** Data for this task follows **
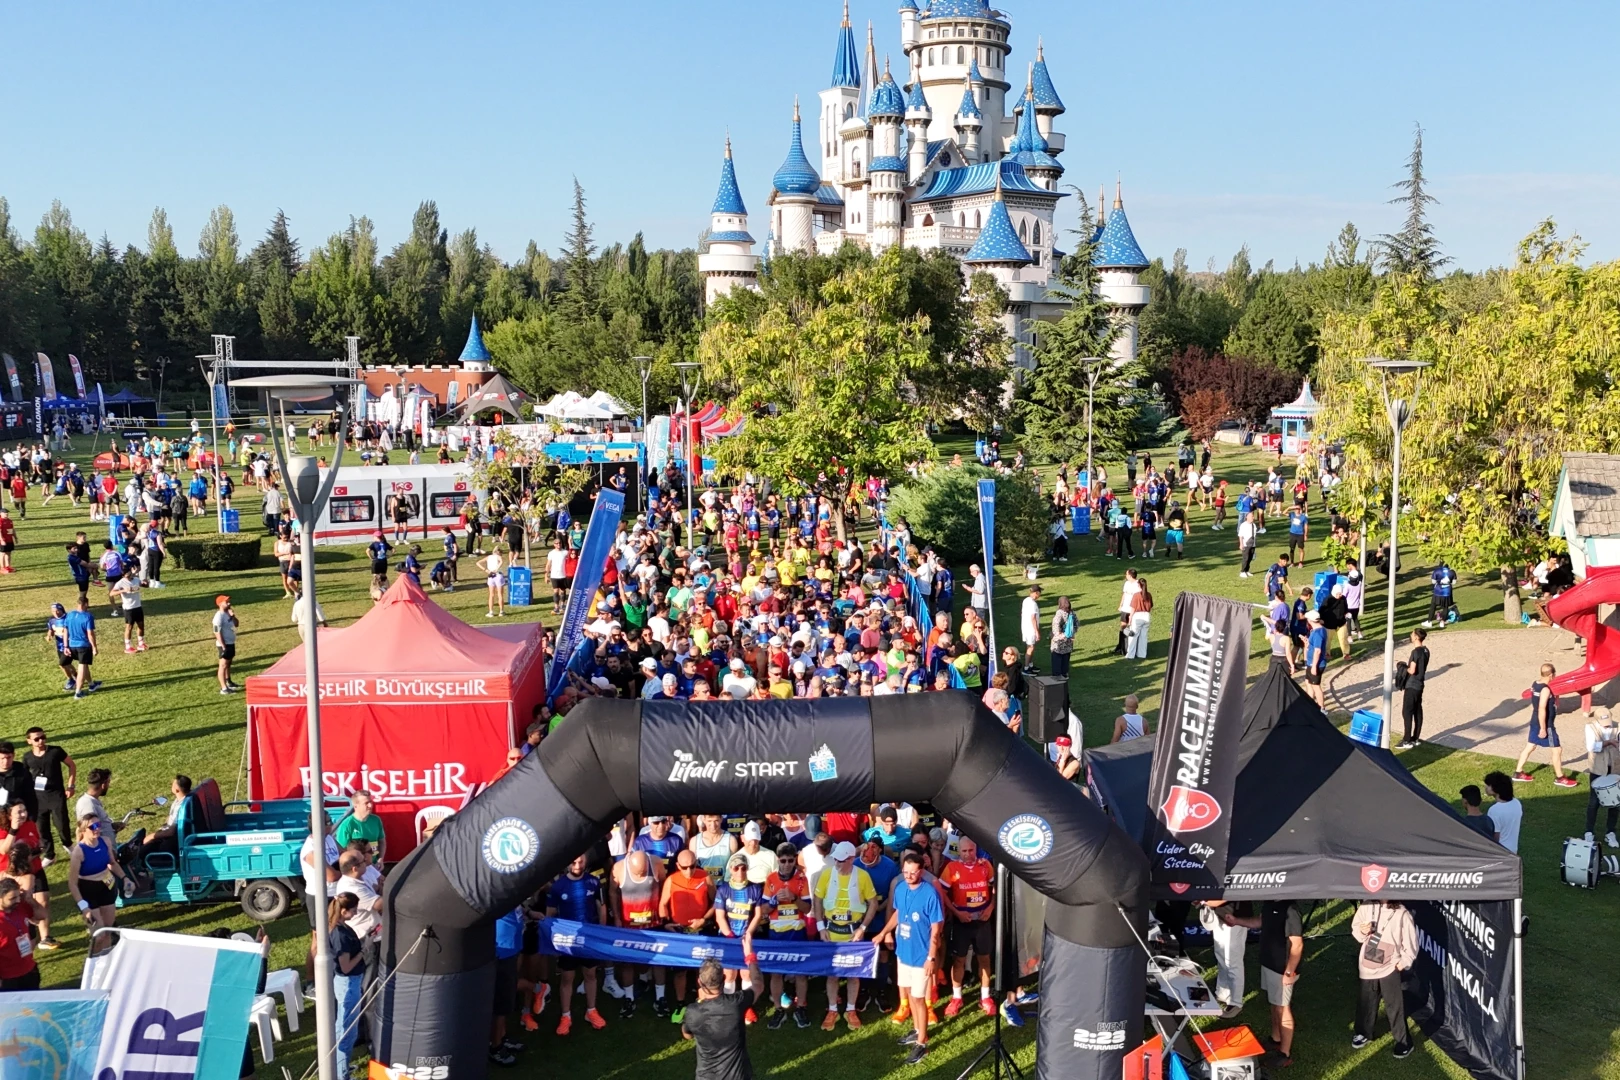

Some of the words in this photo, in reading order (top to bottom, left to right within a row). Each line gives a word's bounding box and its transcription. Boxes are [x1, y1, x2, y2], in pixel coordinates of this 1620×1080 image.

[34, 396, 42, 434] SALOMON
[605, 501, 620, 512] VEGA
[277, 679, 369, 699] ESKŞEHİR
[376, 678, 488, 698] BÜYÜKŞEHİR
[1177, 617, 1215, 788] RACETIMING
[1202, 631, 1225, 785] www.racetiming.com.tr
[667, 759, 729, 783] Lifalif
[734, 760, 799, 777] START
[1156, 840, 1186, 854] Lider
[1188, 842, 1215, 858] Chip
[1163, 856, 1207, 869] Sistemi
[1387, 871, 1484, 885] RACETIMING
[612, 939, 669, 953] START
[756, 951, 811, 962] START
[1447, 952, 1499, 1023] YAKALA
[1096, 1020, 1128, 1032] EVENT
[1073, 1028, 1126, 1045] 2:23
[415, 1055, 452, 1067] EVENT
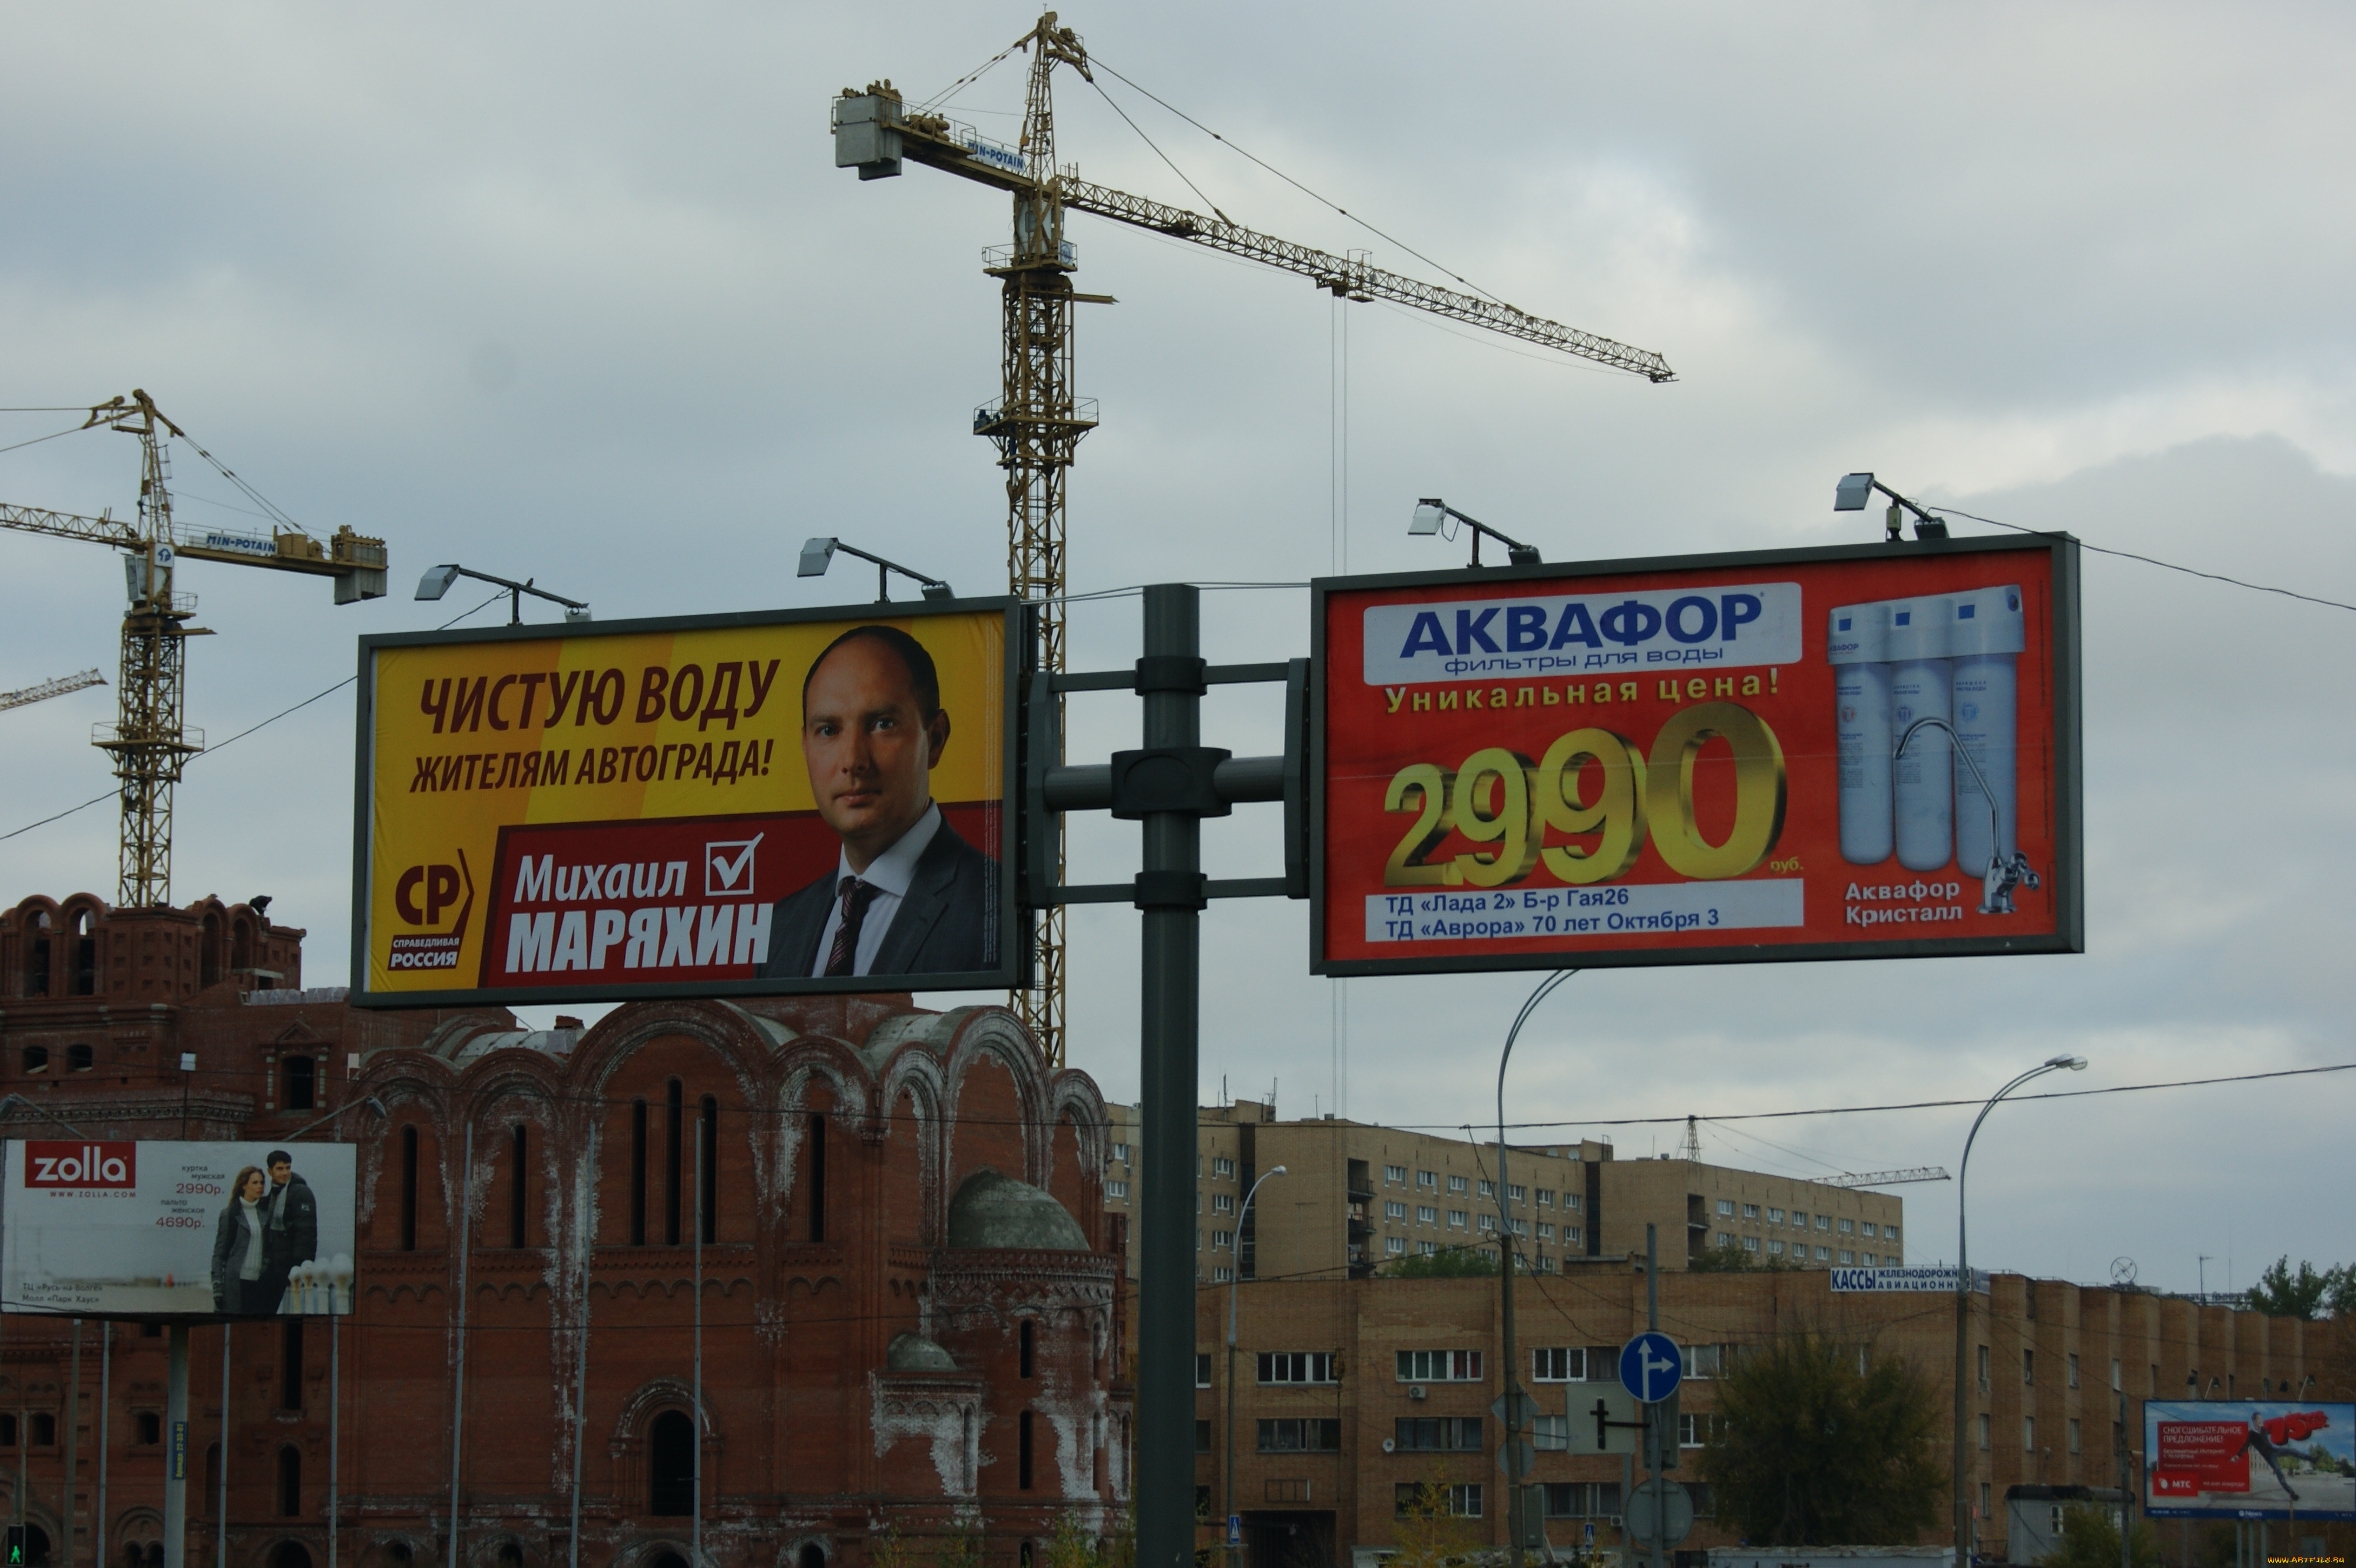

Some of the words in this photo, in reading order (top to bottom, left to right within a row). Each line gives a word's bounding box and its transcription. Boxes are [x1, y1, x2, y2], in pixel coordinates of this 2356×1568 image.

[207, 535, 276, 552] MIN-POTAIN
[1399, 594, 1762, 658] АКВАФОР
[1444, 654, 1577, 676] фильтры
[1584, 652, 1637, 668] для
[1647, 649, 1723, 664] воды
[420, 668, 626, 734] ЧИСТУЮ
[635, 659, 781, 732] ВОДУ
[1385, 682, 1637, 713] Уникальная
[1659, 667, 1779, 703] цена!
[409, 749, 570, 793] ЖИТЕЛЯМ
[574, 739, 774, 786] АВТОГРАДА!
[1384, 701, 1787, 887] 2990
[1770, 857, 1804, 875] руб.
[513, 854, 688, 903] Михаил
[395, 864, 461, 925] СР
[1386, 896, 1413, 914] ТД
[1421, 895, 1487, 912] «Лада
[1493, 892, 1515, 911] 2»
[1523, 891, 1560, 910] Б-р
[1567, 888, 1629, 907] Гая26
[1845, 879, 1960, 902] Аквафор
[1386, 921, 1413, 939] ТД
[1421, 918, 1525, 938] «Аврора»
[1533, 916, 1557, 932] 70
[1563, 917, 1600, 932] лет
[1607, 910, 1700, 931] Октября
[1708, 909, 1719, 925] 3
[1846, 905, 1963, 927] Кристалл
[393, 937, 460, 948] СПРАВЕДЛИВАЯ
[505, 902, 774, 973] МАРЯХИН
[391, 951, 458, 967] РОССИЯ
[35, 1146, 126, 1182] zolla
[176, 1183, 224, 1196] 2990р.
[155, 1216, 204, 1229] 4690р.
[1832, 1270, 1875, 1289] КАССЫ
[1878, 1269, 1970, 1278] ЖЕЛЕЗНОДОРОЖНЕ
[24, 1282, 34, 1291] ТЦ
[1878, 1281, 1970, 1290] АВИАЦИОННЕ
[2163, 1426, 2242, 1434] СНОГСШИБАТЕЛЬНОЕ
[2163, 1435, 2223, 1443] ПРЕДЛОЖЕНИЕ!
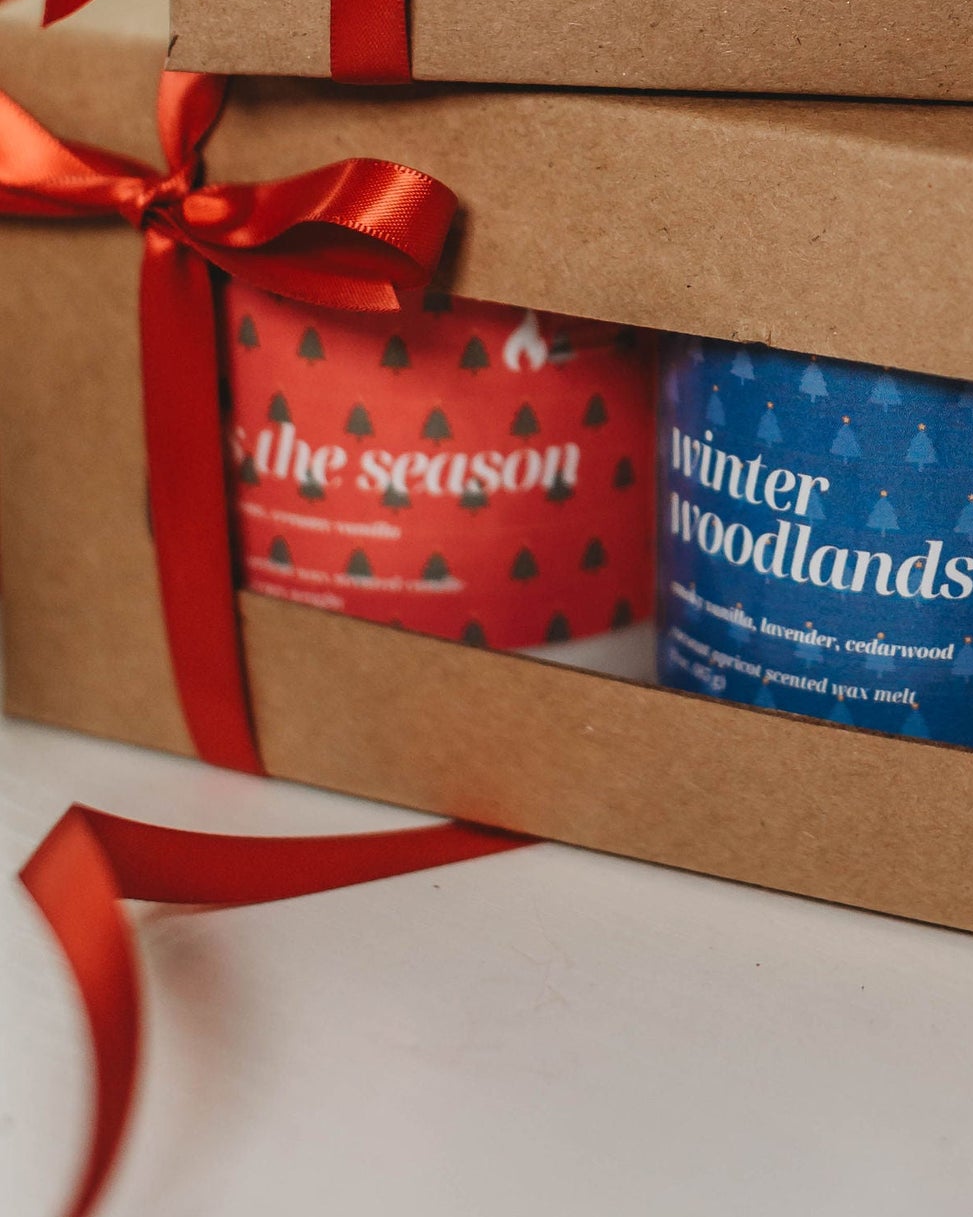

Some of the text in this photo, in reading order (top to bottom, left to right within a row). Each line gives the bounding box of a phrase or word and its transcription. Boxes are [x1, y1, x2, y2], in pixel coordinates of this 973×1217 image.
** End of Data for this task **
## Problem details
Every entry must be transcribed exactly. Pictures do not belong in the copy.

## Solution to this task
Some of the words in this photo, in reading order (top to bottom, left to right within a row). Each line gives a word's bounding box and its transcription. Boxes are [x1, y1, x2, y2], in pixel coordinates of this 1620×1080 image.

[34, 396, 42, 434] SALOMON
[605, 501, 620, 512] VEGA
[277, 679, 369, 699] ESKŞEHİR
[376, 678, 488, 698] BÜYÜKŞEHİR
[1177, 617, 1215, 788] RACETIMING
[1202, 631, 1225, 785] www.racetiming.com.tr
[667, 759, 729, 783] Lifalif
[734, 760, 799, 777] START
[1156, 840, 1186, 854] Lider
[1188, 842, 1215, 858] Chip
[1163, 856, 1207, 869] Sistemi
[1387, 871, 1484, 885] RACETIMING
[612, 939, 669, 953] START
[756, 951, 811, 962] START
[1447, 952, 1499, 1023] YAKALA
[1096, 1020, 1128, 1032] EVENT
[1073, 1028, 1126, 1045] 2:23
[415, 1055, 452, 1067] EVENT

Some of the words in this photo, in reading order (top to bottom, left to right within a row). Each line gives a word's bounding box and its transcription. Boxes are [x1, y1, x2, y2], in pixel coordinates of this 2356×1568 image.

[207, 535, 276, 552] MIN-POTAIN
[1399, 594, 1762, 658] АКВАФОР
[1444, 654, 1577, 676] фильтры
[1584, 652, 1637, 668] для
[1647, 649, 1723, 664] воды
[420, 668, 626, 734] ЧИСТУЮ
[635, 659, 781, 732] ВОДУ
[1385, 682, 1637, 713] Уникальная
[1659, 667, 1779, 703] цена!
[409, 749, 570, 793] ЖИТЕЛЯМ
[574, 739, 774, 786] АВТОГРАДА!
[1384, 701, 1787, 887] 2990
[1770, 857, 1804, 875] руб.
[513, 854, 688, 903] Михаил
[395, 864, 461, 925] СР
[1386, 896, 1413, 914] ТД
[1421, 895, 1487, 912] «Лада
[1493, 892, 1515, 911] 2»
[1523, 891, 1560, 910] Б-р
[1567, 888, 1629, 907] Гая26
[1845, 879, 1960, 902] Аквафор
[1386, 921, 1413, 939] ТД
[1421, 918, 1525, 938] «Аврора»
[1533, 916, 1557, 932] 70
[1563, 917, 1600, 932] лет
[1607, 910, 1700, 931] Октября
[1708, 909, 1719, 925] 3
[1846, 905, 1963, 927] Кристалл
[393, 937, 460, 948] СПРАВЕДЛИВАЯ
[505, 902, 774, 973] МАРЯХИН
[391, 951, 458, 967] РОССИЯ
[35, 1146, 126, 1182] zolla
[176, 1183, 224, 1196] 2990р.
[155, 1216, 204, 1229] 4690р.
[1832, 1270, 1875, 1289] КАССЫ
[1878, 1269, 1970, 1278] ЖЕЛЕЗНОДОРОЖНЕ
[24, 1282, 34, 1291] ТЦ
[1878, 1281, 1970, 1290] АВИАЦИОННЕ
[2163, 1426, 2242, 1434] СНОГСШИБАТЕЛЬНОЕ
[2163, 1435, 2223, 1443] ПРЕДЛОЖЕНИЕ!

Some of the text in this photo, in reading order (top to bottom, left to right within a row). Each line gives the bounding box of a phrase or word and its transcription. Boxes are [x1, y1, x2, y2], in pixel coordinates of this 973×1217 image.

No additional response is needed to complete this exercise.